What are columns generated in PostgreSQL 12?
PostgreSQL is known for its almost fanatical pursuit of database standards implementation. With the release of version 12, another step was taken towards making them available as fully as possible in the Open Source model. In this text we will focus on generated columns, also called virtual columns, which allow you to use the latest […]
PostgreSQL is known for its almost fanatical pursuit of database standards implementation. With the release of version 12, another step was taken towards making them available as fully as possible in the Open Source model.
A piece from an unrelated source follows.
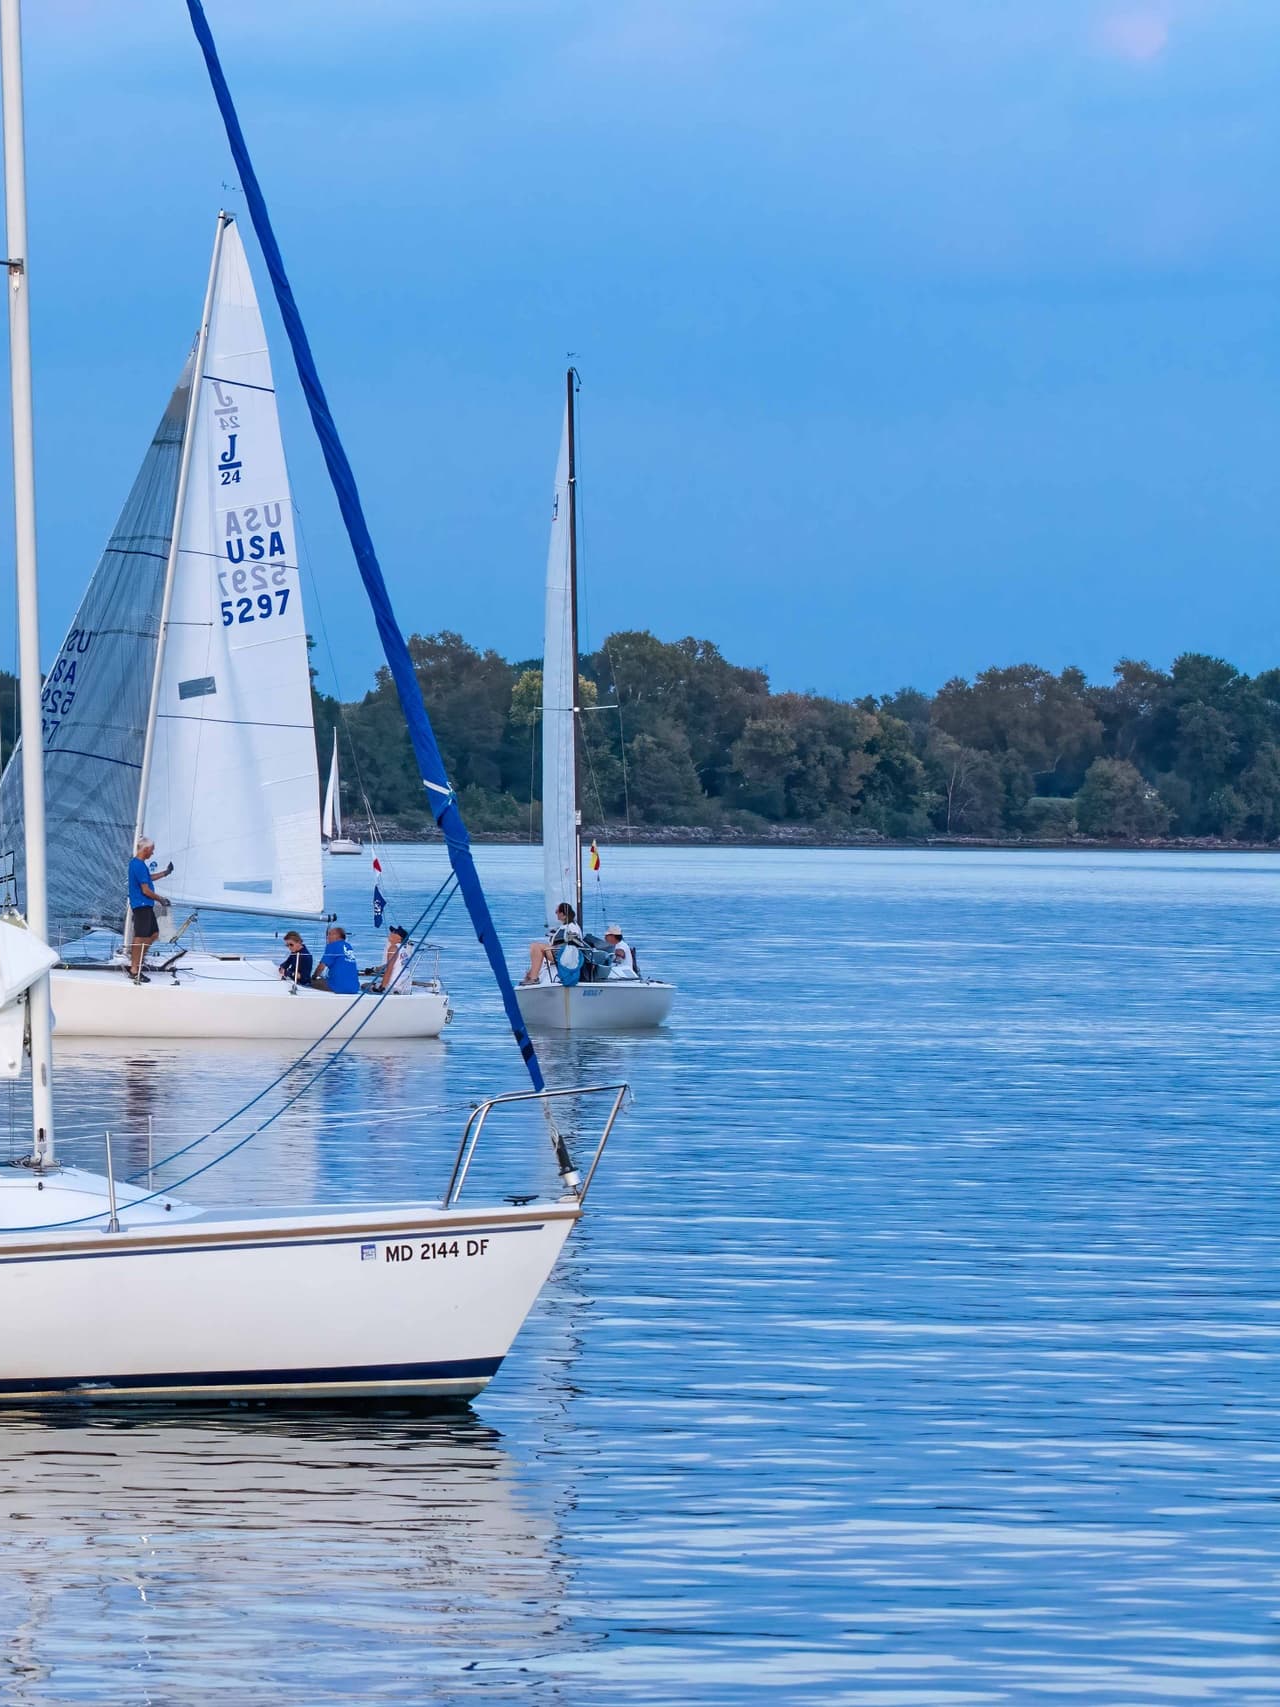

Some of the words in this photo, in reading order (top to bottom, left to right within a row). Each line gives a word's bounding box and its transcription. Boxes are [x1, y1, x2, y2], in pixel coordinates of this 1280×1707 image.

In this text we will focus on generated columns, also called virtual columns, which allow you to use the latest edition of one of the most popular database engine developers – PostgreSQL 12.
At the beginning it is worth explaining what columns are generated ( generated columns). paraphrasing SQL standard: 2003, the column generated in the table is one whose values will be the result of an expression whose components are other columns. It sounds complicated, so it’s worth showing it in practice, using an example using a pseudo-language (we’ll go to SQL later).
ID | net_price | tax_rate | price |
---|---|---|---|
01 | 10.00 | 23% | 12.30 |
02 | 123.00 | 23% | 151.29 |
03 | 39.99 | 8% | 43.19 |
As you can see, for such a field value table price
they simply result from the value of other fields. In this case, the expression in the pseudo-language could look like this:
price: = net_price + net_price * tax_rate
Conceptually you can see that the column generated in relation to other columns is the same as the view for tables.
By storing only information on how to generate one of the columns in the database, instead of the results of this action, you can save quite a large amount of space (for suitably large data sets). Of course, like most compromises in computer science, this entails an increased demand for computing resources. This way you can see probably why some manufacturers decided to change the standard name and use the concept of a virtual column, because its data is not necessarily on disk.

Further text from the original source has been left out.